Le processus du dialogue politique intensifié entre le gouvernement gabonais et l’Union européenne (UE), vient de franchir un palier supplémentaire.
L’UE, en partenariat avec le avec le Département des affaires politiques et de la consolidation de la paix des Nations Unies vient de concevoir un Projet d’appui à la promotion et protection des droits de l’homme au Gabon (PAPPH). Ce projet sera mis en œuvre par le Programme des Nations Unies pour le Développement (PNUD), et le Haut-commissaire aux droits de l’homme et le Bureau régional des Nations Unies pour l’Afrique centrale (UNOCA).

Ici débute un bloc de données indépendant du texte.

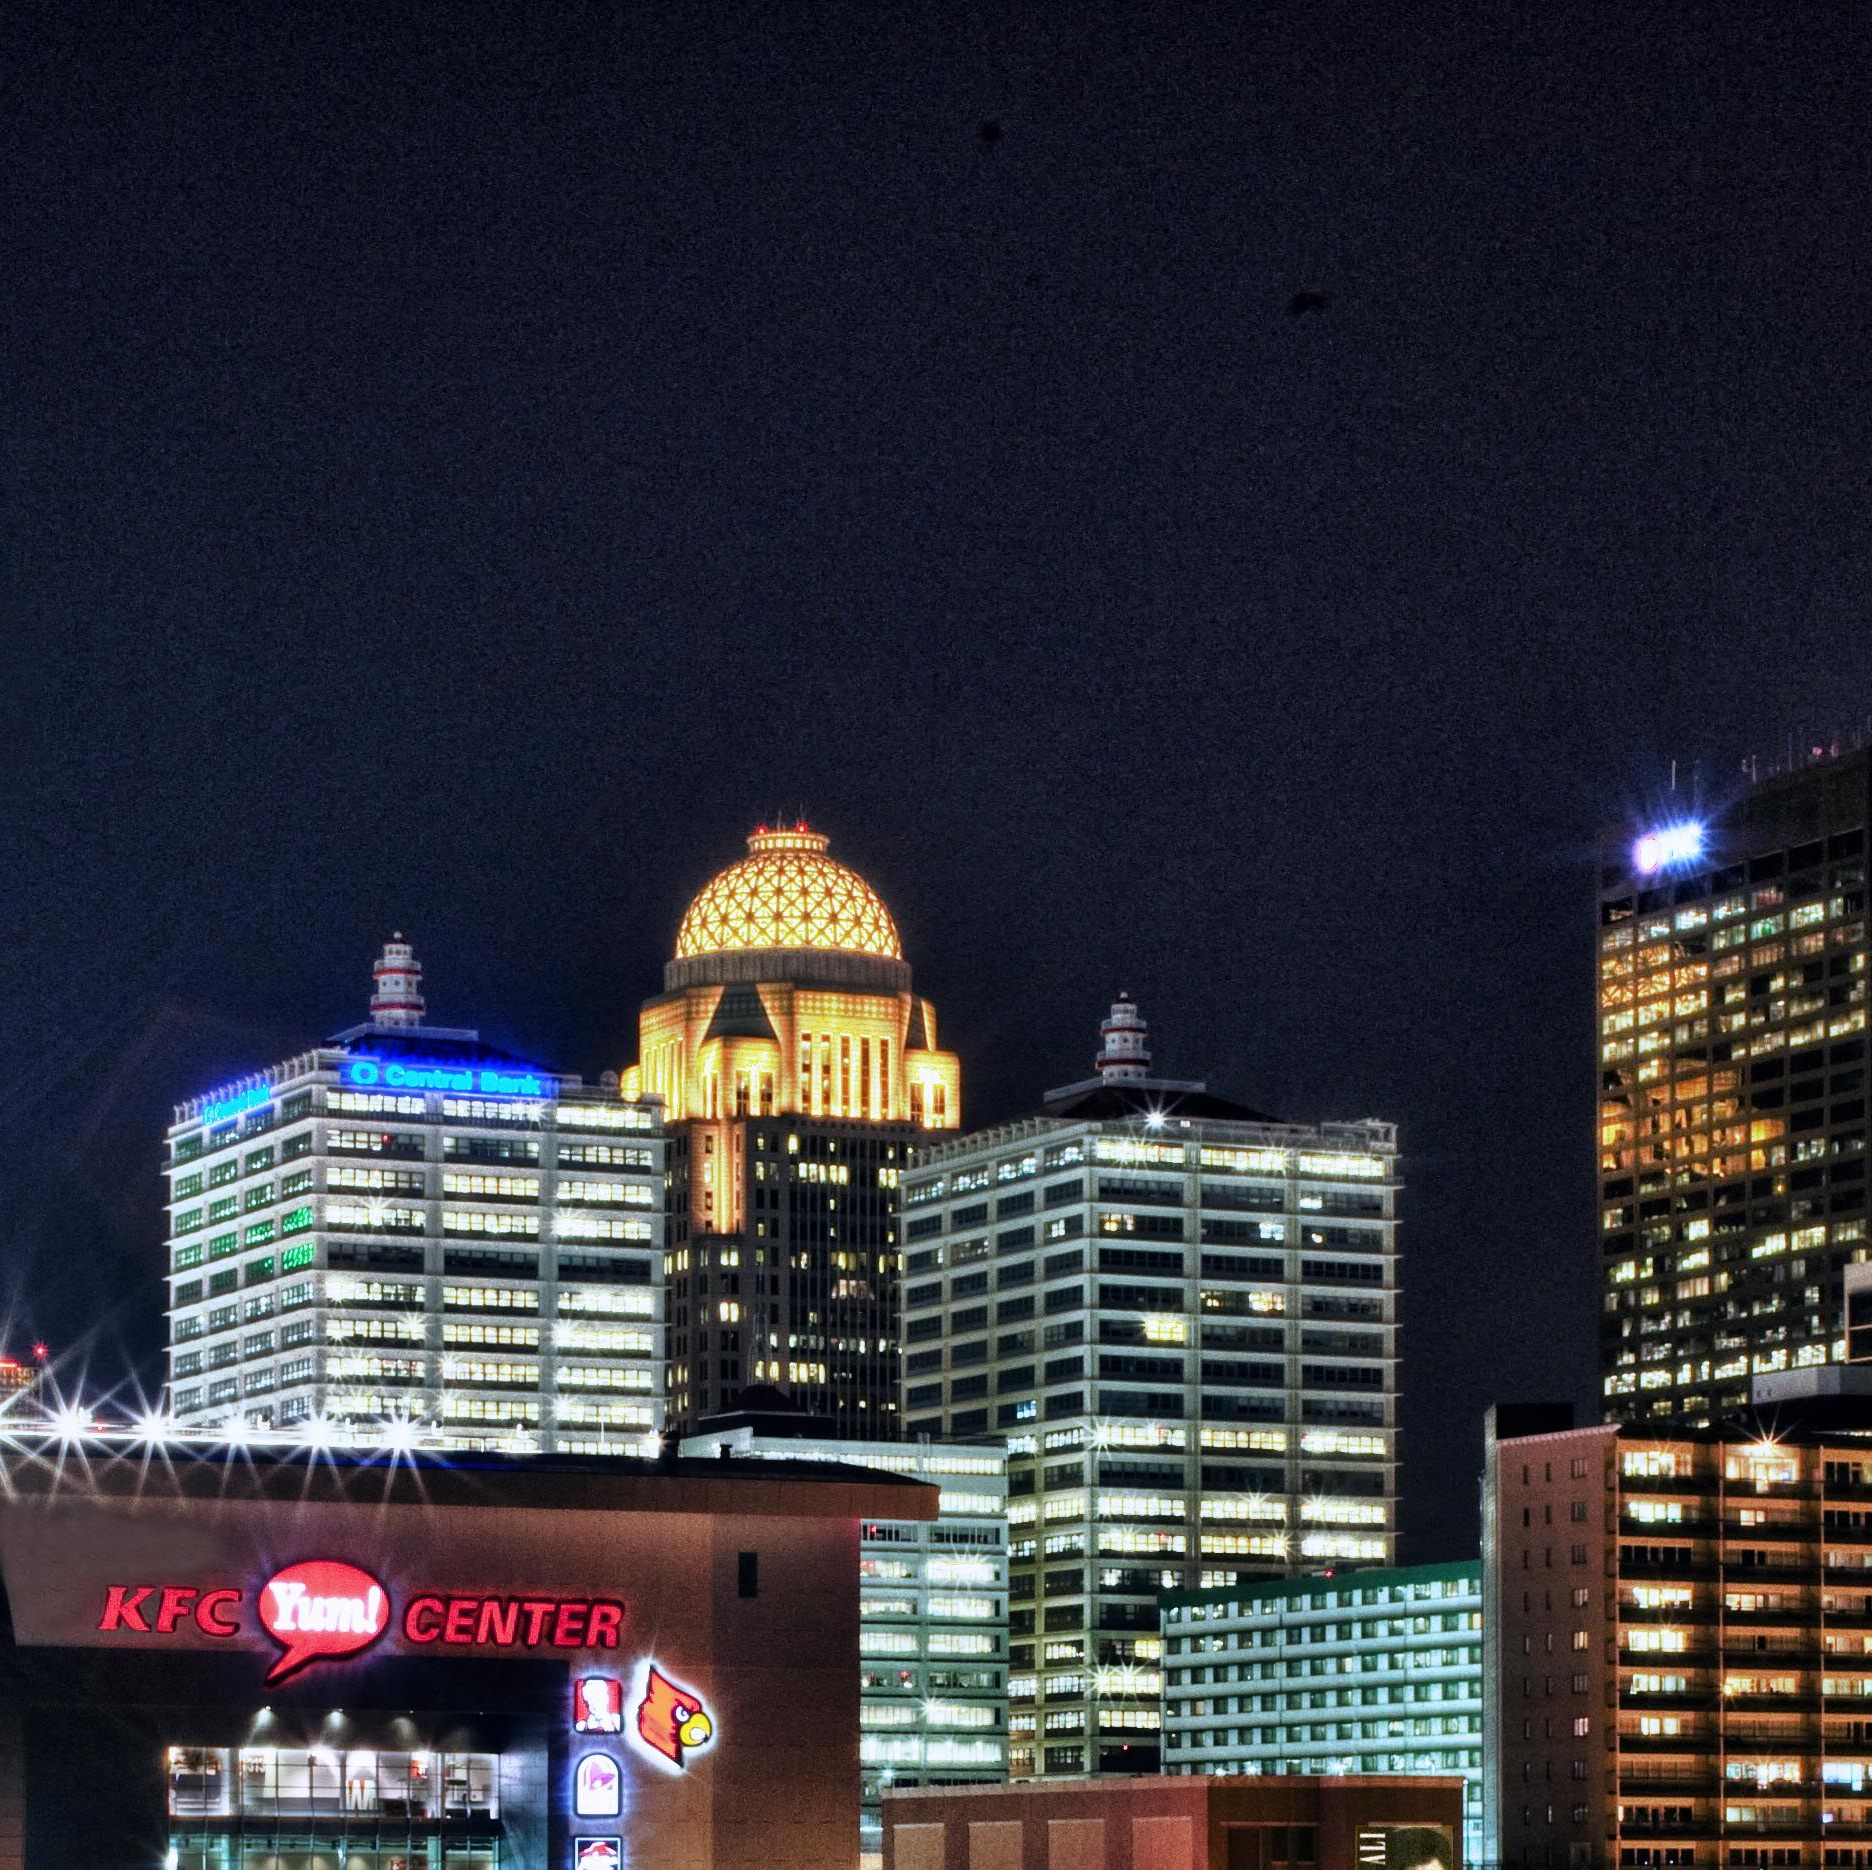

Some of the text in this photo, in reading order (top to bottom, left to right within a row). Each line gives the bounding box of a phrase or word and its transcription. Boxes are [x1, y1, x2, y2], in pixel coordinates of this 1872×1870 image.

[385, 1064, 541, 1095] Central Bank
[97, 1582, 625, 1648] KFC Yum! CENTER
[1359, 1832, 1386, 1865] ALI
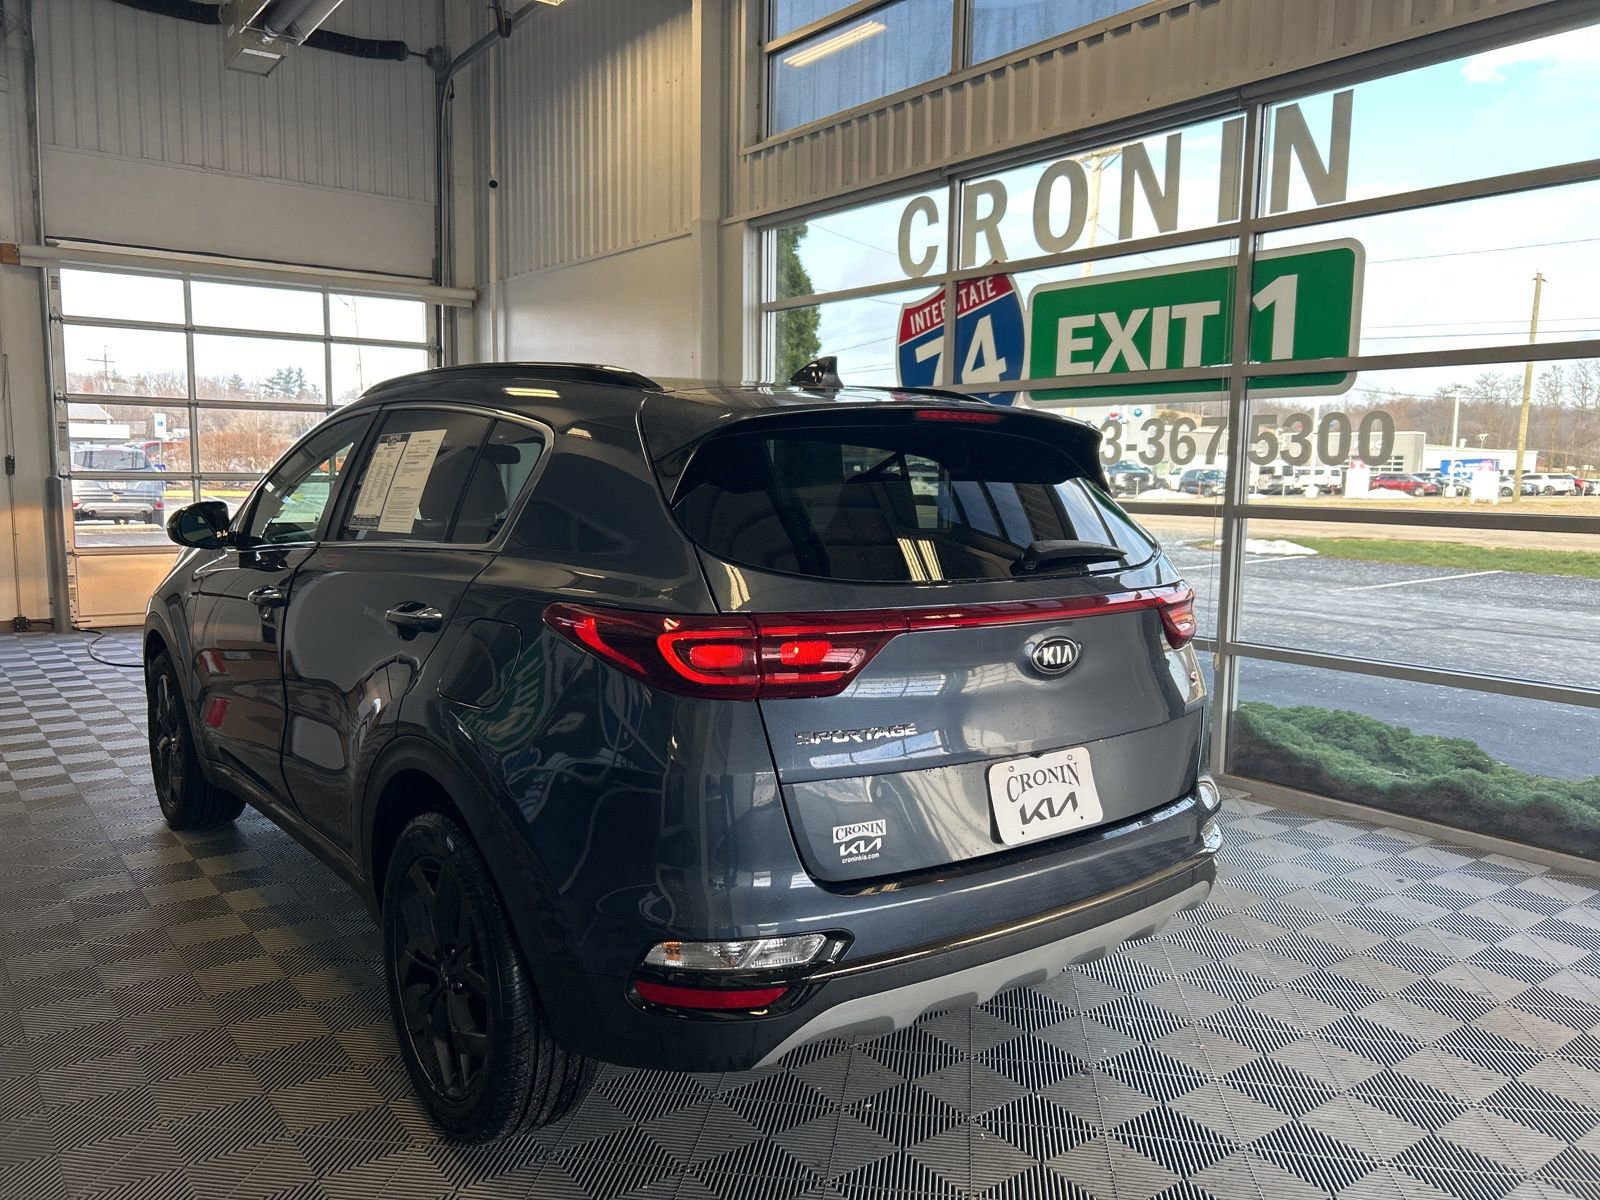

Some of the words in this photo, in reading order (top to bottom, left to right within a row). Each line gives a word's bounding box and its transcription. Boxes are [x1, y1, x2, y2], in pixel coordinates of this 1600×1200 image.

[898, 89, 1354, 279] CRONIN
[910, 276, 997, 335] INTETATE
[1055, 300, 1221, 376] EXIT
[1252, 274, 1298, 361] 1
[915, 314, 1008, 398] 74
[1042, 645, 1074, 666] KIA
[795, 722, 919, 746] SPORTAGE
[1006, 761, 1081, 803] CRONIN
[835, 821, 885, 841] CRONIN
[841, 852, 880, 864] croninkia.com
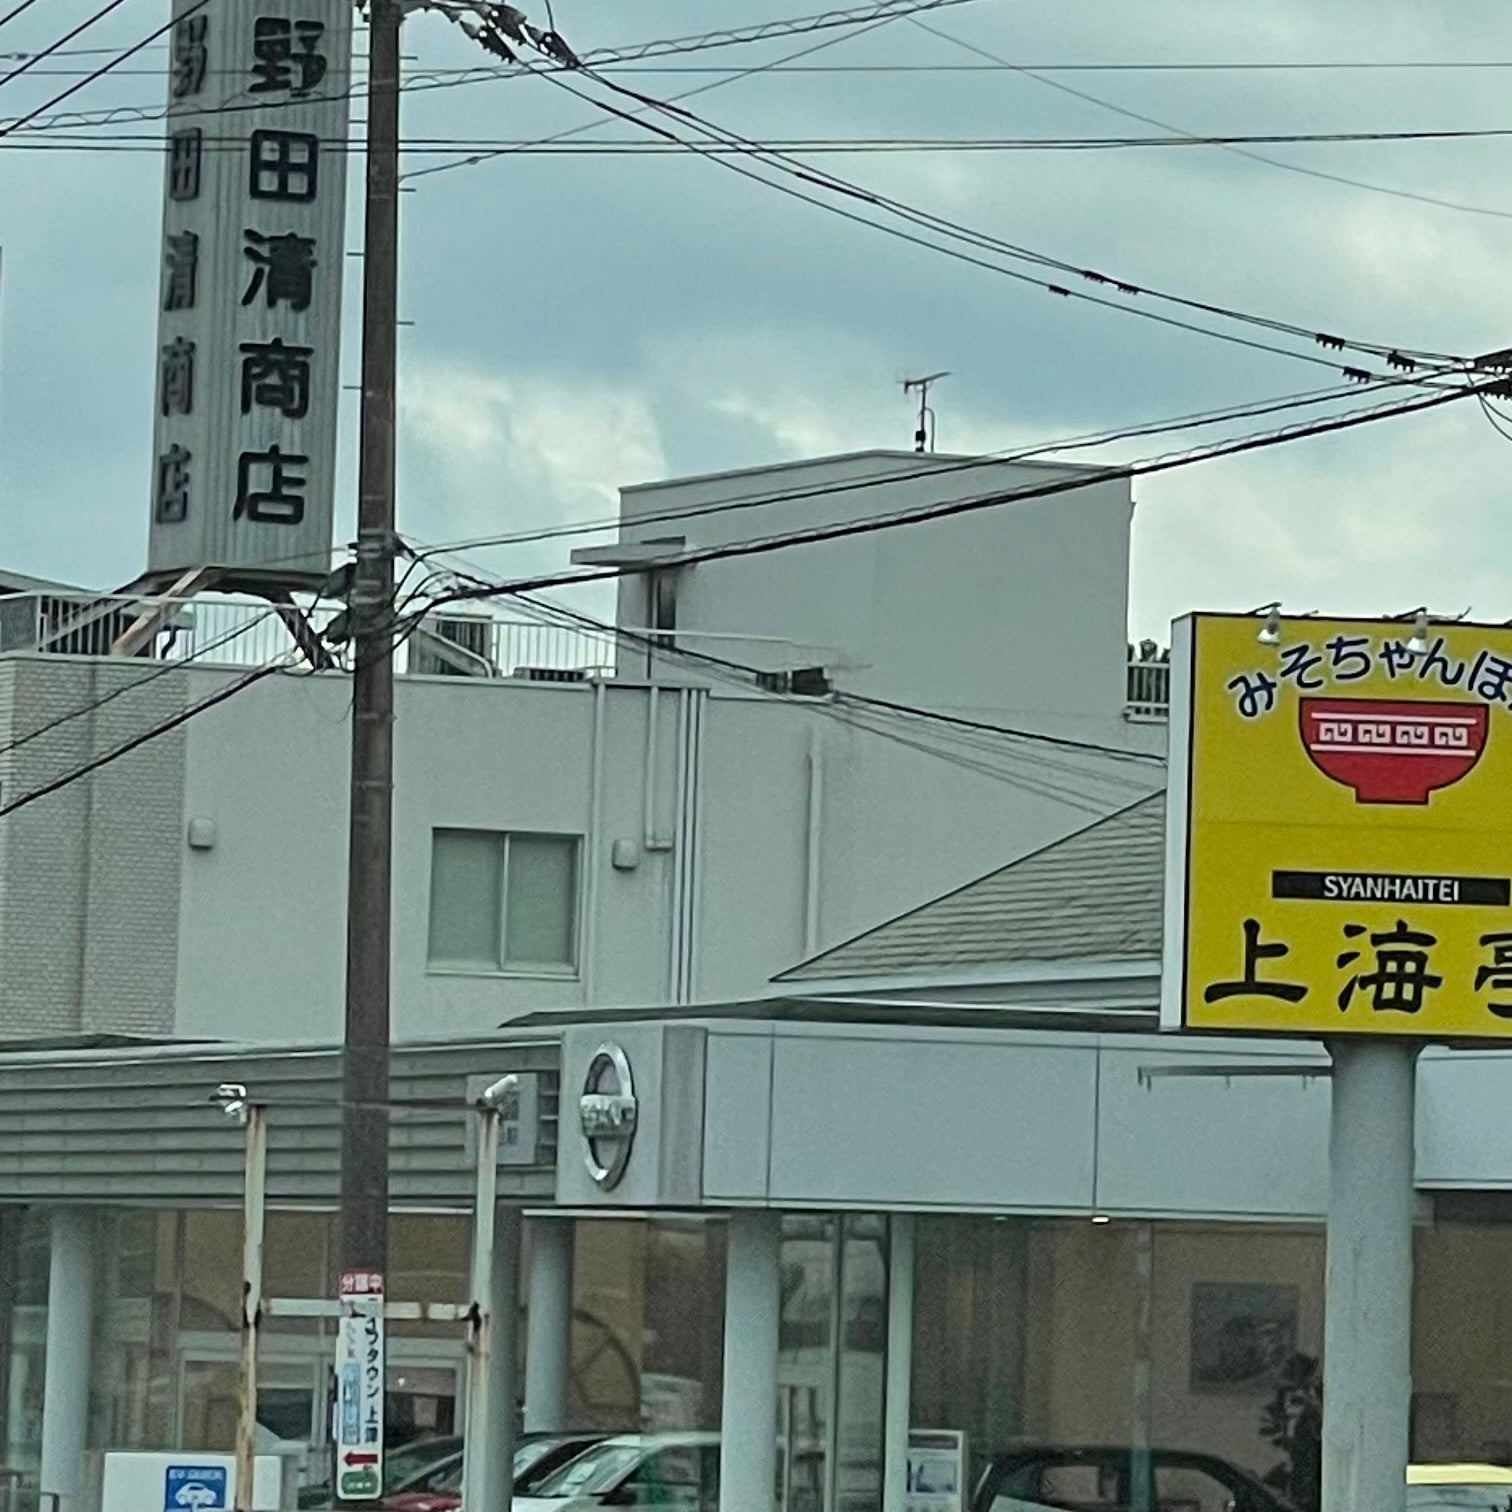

D’une durée de 18 mois avec un budget de 327.978.500 FCFA, ce projet vise plusieurs objectifs : renforcer les capacités techniques et opérationnelles des acteurs étatiques que sont la Commission nationale des droits de l’Homme (CNDH) et la Direction générale des droits de l’Homme en vue de l’accomplissement de leurs mandats conformément à la loi et aux standards internationaux.
Il s’agira également de renforcer les capacités de la société civile et des médias dans la lutte contre l’impunité des violations des droits de l’homme ainsi que le suivi et la documentation des cas de violations des droits de l’homme et procéder à la mise en place d’un cadre de coordination et de coopération entre ces acteurs étatiques et non-étatiques.
Selon l’UE, la mise en œuvre du PAPPH contribuera à l’amélioration de la gouvernance au Gabon, examinée sur la base du 16ème objectif de développement durable (ODD 16) qui met l’accent sur la promotion de sociétés pacifiques et inclusives pour le développement durable, l’accès à la justice pour tous et le renforcement des institutions responsables et efficaces à tous les niveaux, dans le respect de l’état de droit et des droits humains.
Il est à noter que ce projet repris dans les conclusions conjointes du dialogue politique intensifié gouvernement gabonais / Union européenne, est le résultat des longues consultations entre les différents partenaires et notamment la Commission nationale des droits de l’homme, le ministère de la Justice, les réseaux d’organisations de la société civile, des agences du système des Nations unies et l’Union européenne.